• GOAL OF THE EXERCISE:
Copy the listing exactly; drop the pictures.

• DATA LISTING:
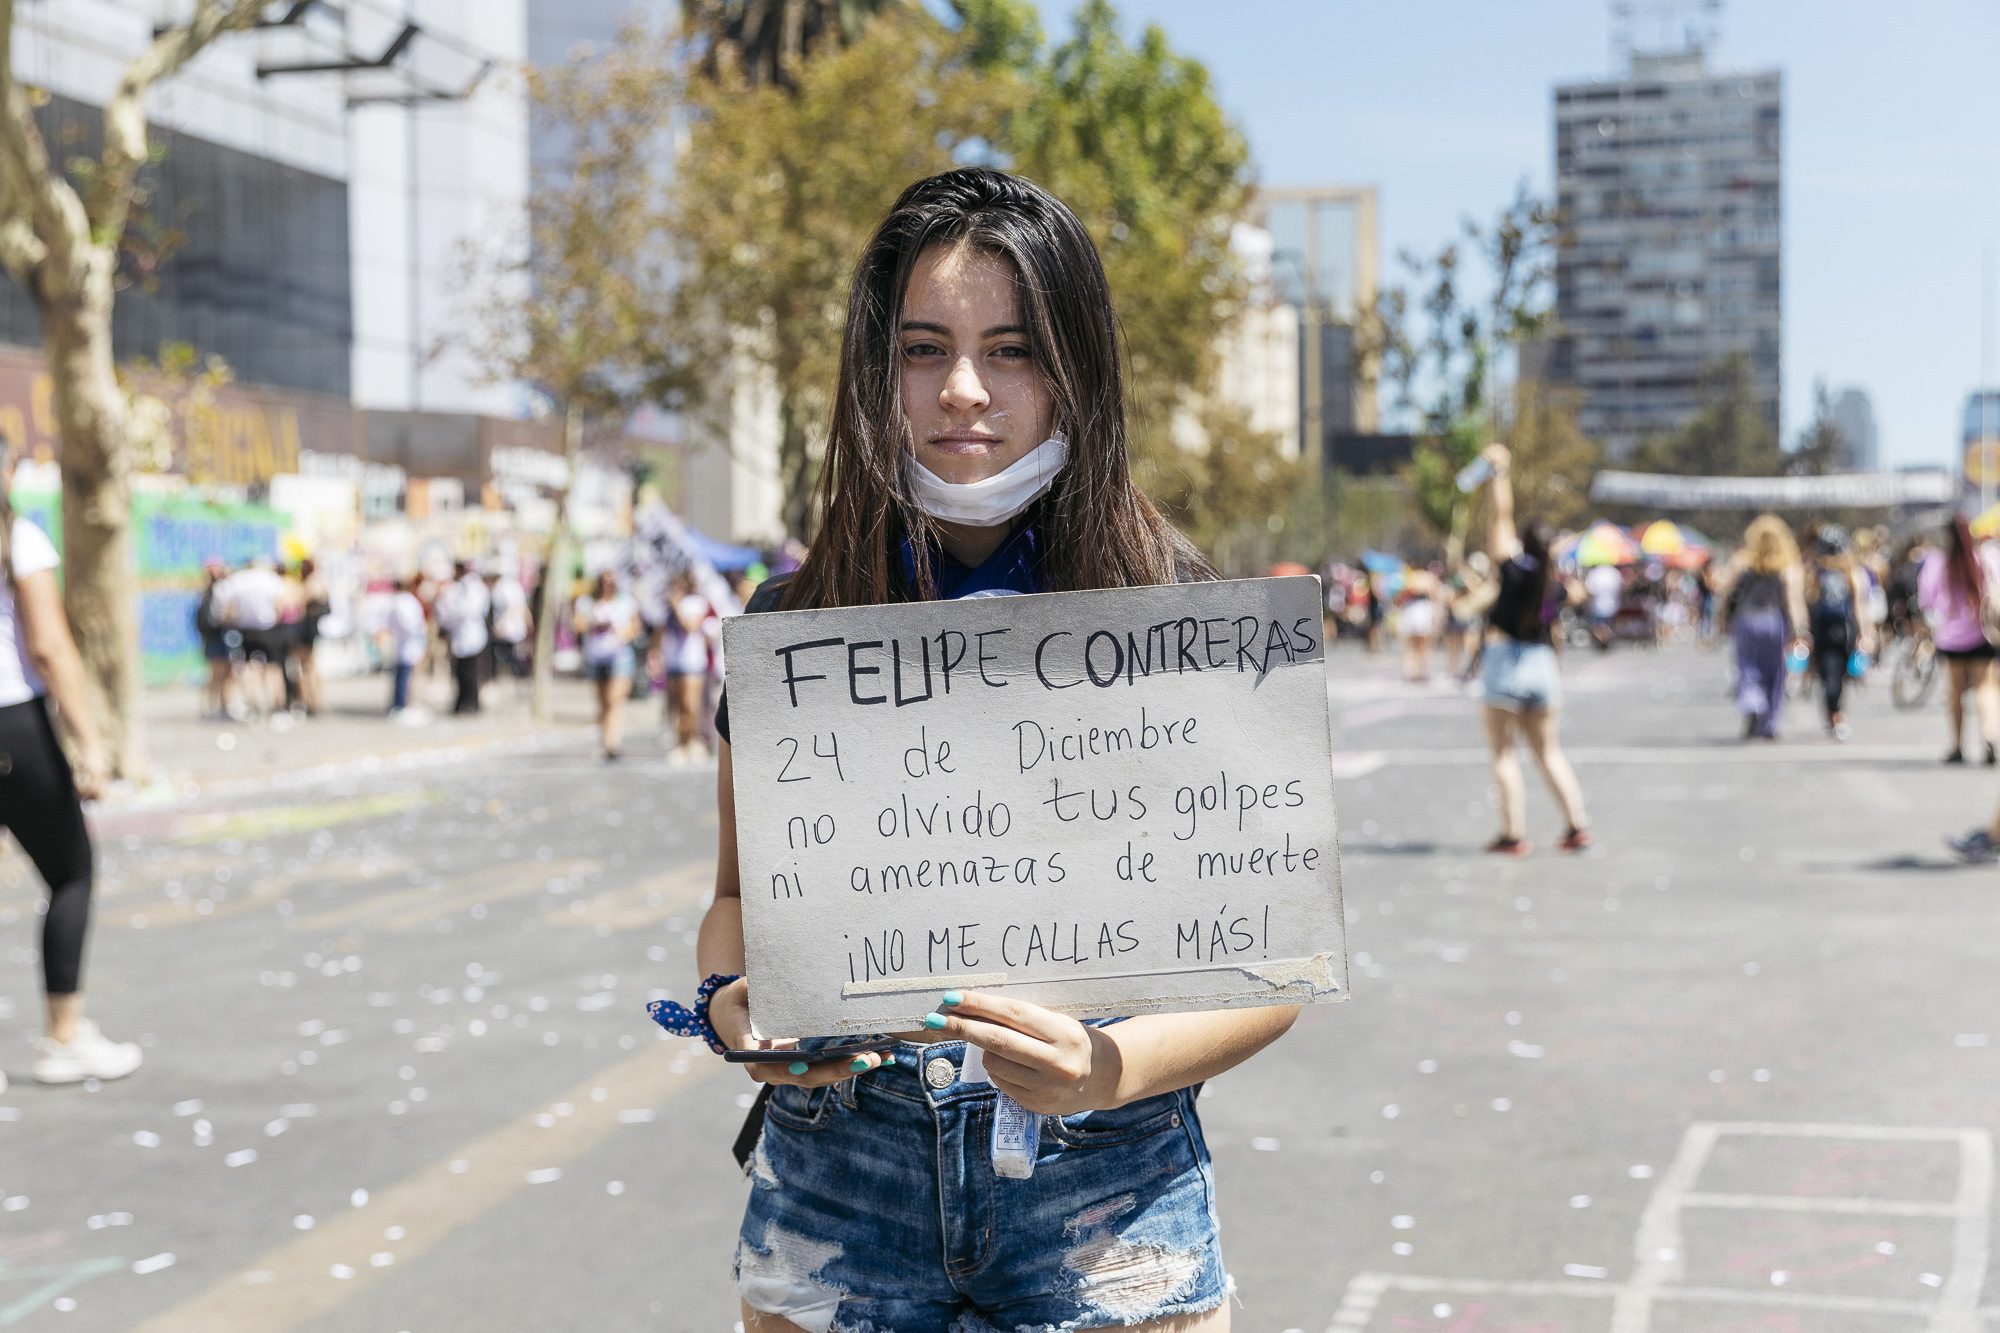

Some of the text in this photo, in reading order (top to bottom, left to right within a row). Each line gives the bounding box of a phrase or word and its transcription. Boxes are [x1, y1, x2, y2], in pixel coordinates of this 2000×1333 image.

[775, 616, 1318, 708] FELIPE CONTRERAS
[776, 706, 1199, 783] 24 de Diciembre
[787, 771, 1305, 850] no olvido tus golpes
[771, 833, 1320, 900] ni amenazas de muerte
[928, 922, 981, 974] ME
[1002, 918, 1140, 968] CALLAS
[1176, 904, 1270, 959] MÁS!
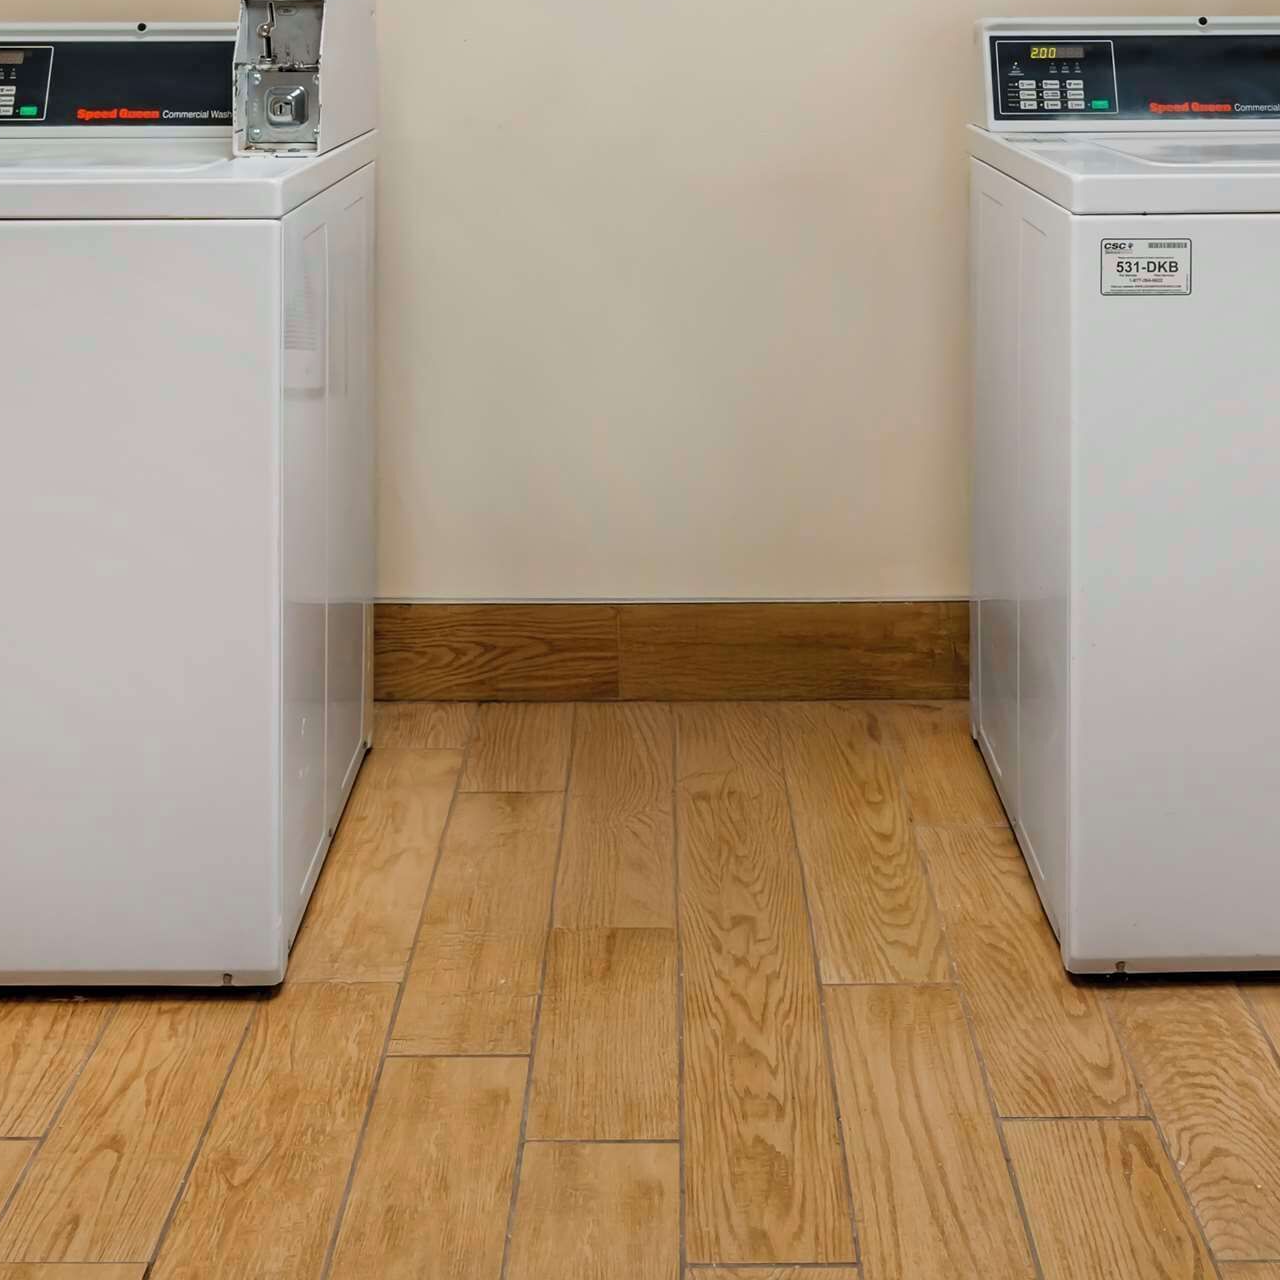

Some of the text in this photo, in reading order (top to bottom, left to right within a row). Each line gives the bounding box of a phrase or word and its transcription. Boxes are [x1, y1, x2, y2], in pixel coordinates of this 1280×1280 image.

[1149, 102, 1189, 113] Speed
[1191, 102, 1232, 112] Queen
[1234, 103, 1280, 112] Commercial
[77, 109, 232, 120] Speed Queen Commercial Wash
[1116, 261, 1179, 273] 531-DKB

• REPLY TO THE TASK:
Some of the text in this photo, in reading order (top to bottom, left to right within a row). Each line gives the bounding box of a phrase or word and its transcription. Boxes are [x1, y1, x2, y2], in pixel coordinates of this 2000×1333 image.

[775, 616, 1318, 708] FELIPE CONTRERAS
[776, 706, 1199, 783] 24 de Diciembre
[787, 771, 1305, 850] no olvido tus golpes
[771, 833, 1320, 900] ni amenazas de muerte
[928, 922, 981, 974] ME
[1002, 918, 1140, 968] CALLAS
[1176, 904, 1270, 959] MÁS!

Some of the text in this photo, in reading order (top to bottom, left to right within a row). Each line gives the bounding box of a phrase or word and its transcription. Boxes are [x1, y1, x2, y2], in pixel coordinates of this 1280×1280 image.

[1149, 102, 1189, 113] Speed
[1191, 102, 1232, 112] Queen
[1234, 103, 1280, 112] Commercial
[77, 109, 232, 120] Speed Queen Commercial Wash
[1116, 261, 1179, 273] 531-DKB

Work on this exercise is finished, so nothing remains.